(Beginning of Exercise material)

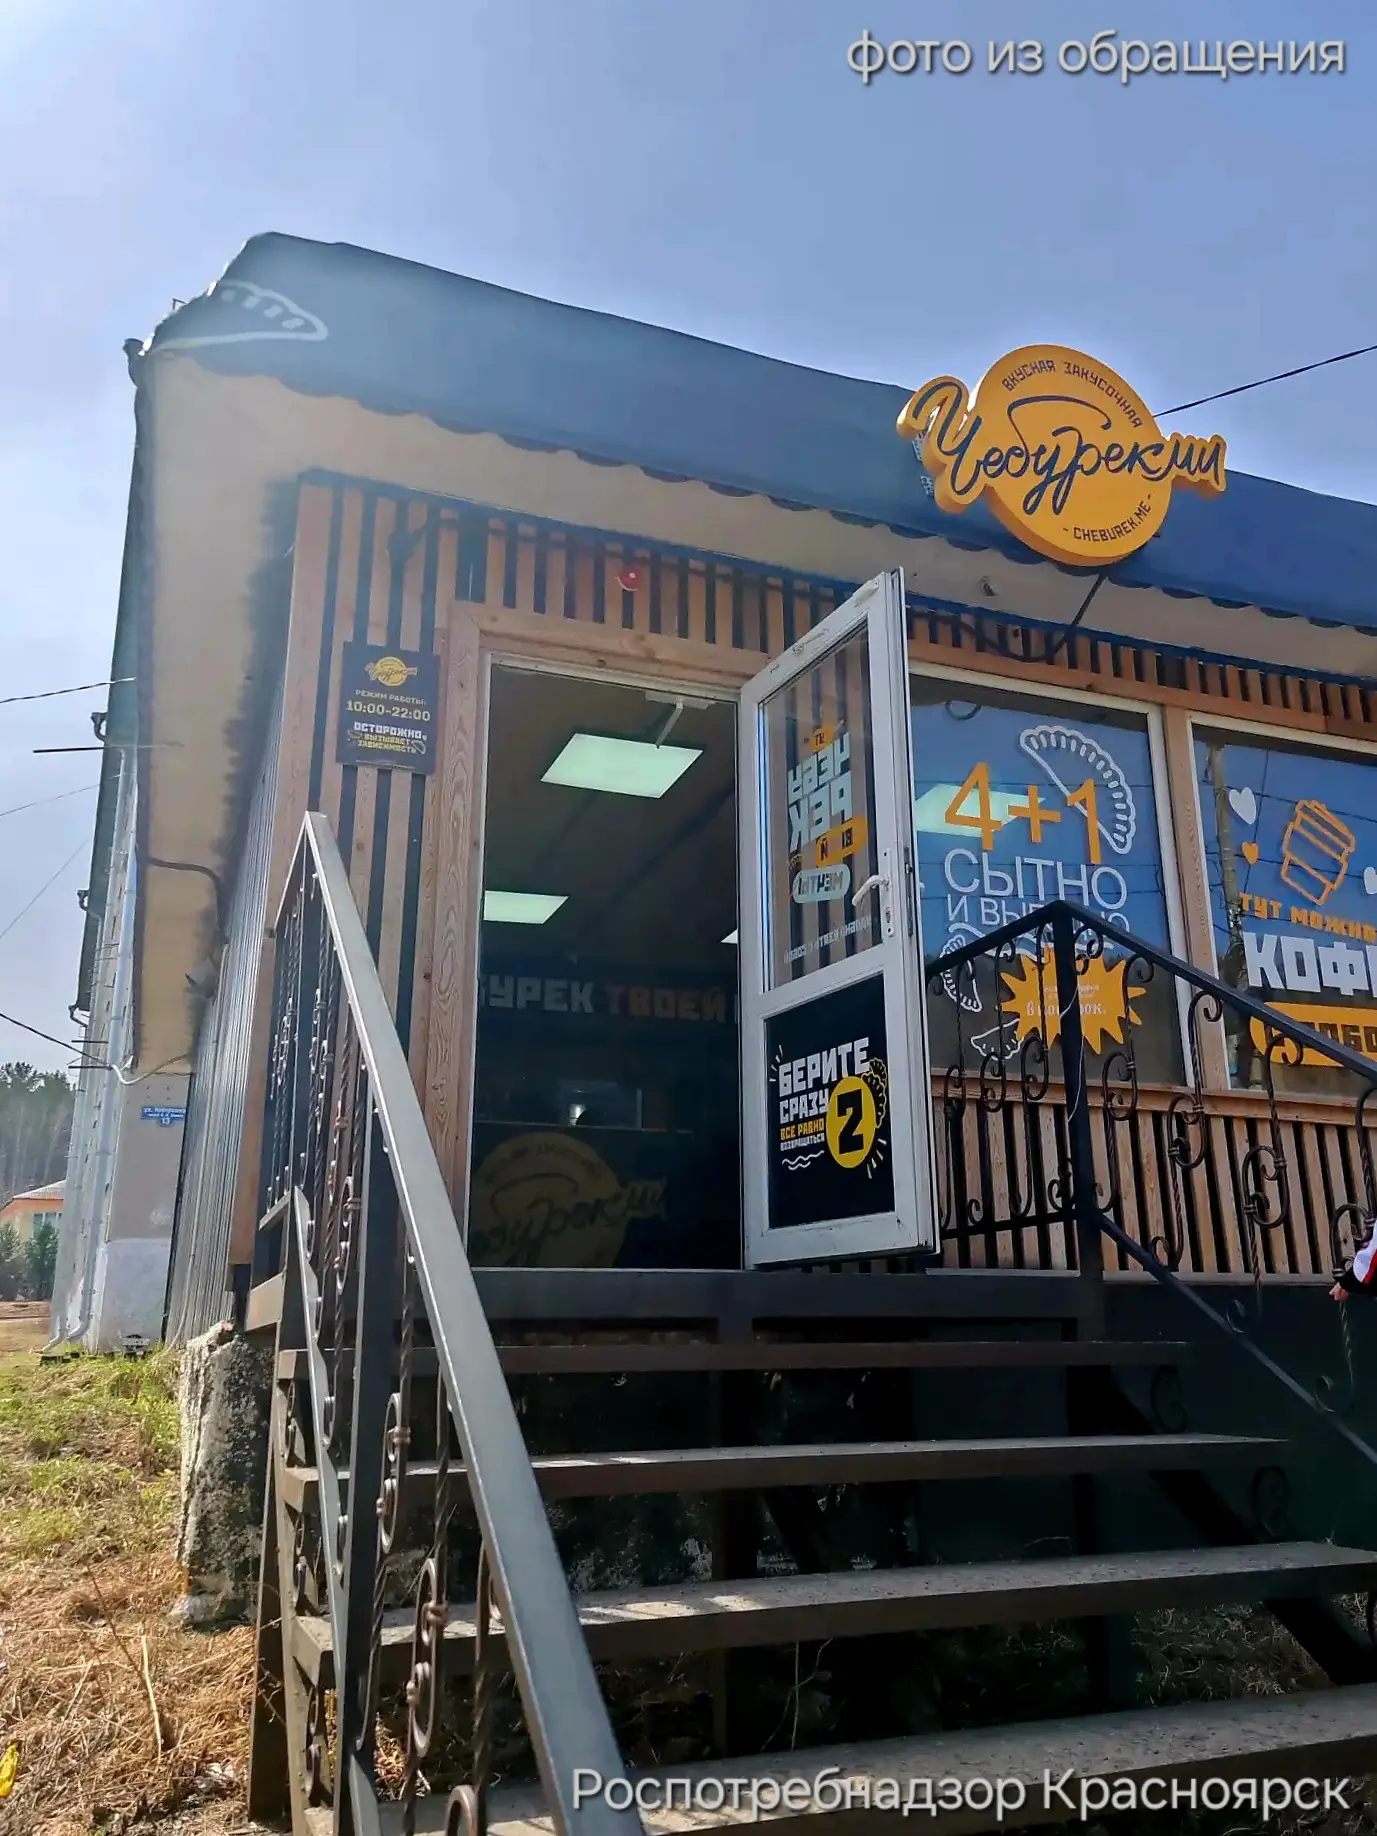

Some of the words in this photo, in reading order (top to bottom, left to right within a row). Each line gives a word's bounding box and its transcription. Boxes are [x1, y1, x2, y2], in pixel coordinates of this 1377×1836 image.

[1002, 360, 1056, 391] ВКУСНАЯ
[1064, 361, 1142, 428] ЗАКУСОЧНАЯ
[912, 381, 1221, 516] Чебурекми
[346, 700, 431, 721] 10:00-22:00
[355, 689, 387, 700] РЕЖИМ
[945, 762, 1101, 864] 4+1
[944, 848, 1127, 910] СЫТНО
[946, 894, 968, 923] И
[1239, 891, 1282, 919] ТУТ
[1290, 905, 1376, 943] МОЖНО
[602, 984, 727, 1023] ТВОЕЙ
[779, 1037, 870, 1097] БЕРИТЕ
[779, 1088, 829, 1124] СРАЗУ
[836, 1088, 864, 1155] 2
[780, 1123, 796, 1140] ВСЕ
[797, 1118, 825, 1137] РАВНО
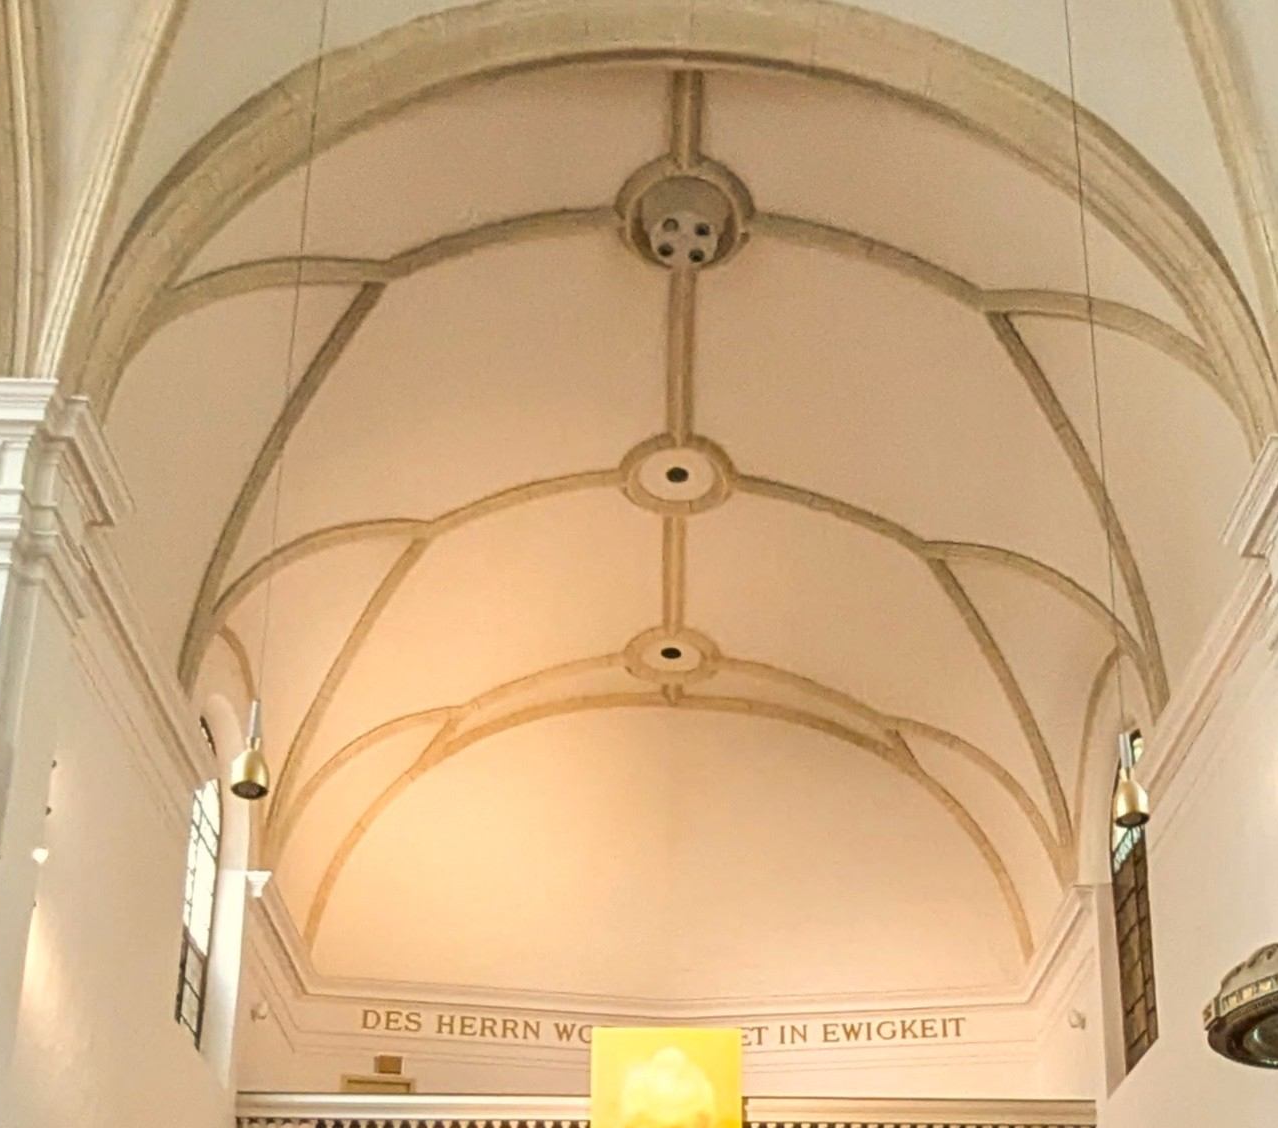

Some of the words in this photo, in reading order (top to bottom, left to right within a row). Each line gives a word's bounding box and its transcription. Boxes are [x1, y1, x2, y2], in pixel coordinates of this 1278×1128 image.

[361, 1009, 422, 1032] DES
[435, 1014, 541, 1040] HERRN
[553, 1021, 592, 1044] WO
[779, 1024, 808, 1045] IN
[822, 1017, 966, 1043] EWIGKEIT

(End of Exercise material)

Assignment — Repeat, exactly and in full, every entry in the data, but not the pictures.

Task solution —
Some of the words in this photo, in reading order (top to bottom, left to right within a row). Each line gives a word's bounding box and its transcription. Boxes are [x1, y1, x2, y2], in pixel coordinates of this 1377×1836 image.

[1002, 360, 1056, 391] ВКУСНАЯ
[1064, 361, 1142, 428] ЗАКУСОЧНАЯ
[912, 381, 1221, 516] Чебурекми
[346, 700, 431, 721] 10:00-22:00
[355, 689, 387, 700] РЕЖИМ
[945, 762, 1101, 864] 4+1
[944, 848, 1127, 910] СЫТНО
[946, 894, 968, 923] И
[1239, 891, 1282, 919] ТУТ
[1290, 905, 1376, 943] МОЖНО
[602, 984, 727, 1023] ТВОЕЙ
[779, 1037, 870, 1097] БЕРИТЕ
[779, 1088, 829, 1124] СРАЗУ
[836, 1088, 864, 1155] 2
[780, 1123, 796, 1140] ВСЕ
[797, 1118, 825, 1137] РАВНО

Some of the words in this photo, in reading order (top to bottom, left to right within a row). Each line gives a word's bounding box and its transcription. Boxes are [x1, y1, x2, y2], in pixel coordinates of this 1278×1128 image.

[361, 1009, 422, 1032] DES
[435, 1014, 541, 1040] HERRN
[553, 1021, 592, 1044] WO
[779, 1024, 808, 1045] IN
[822, 1017, 966, 1043] EWIGKEIT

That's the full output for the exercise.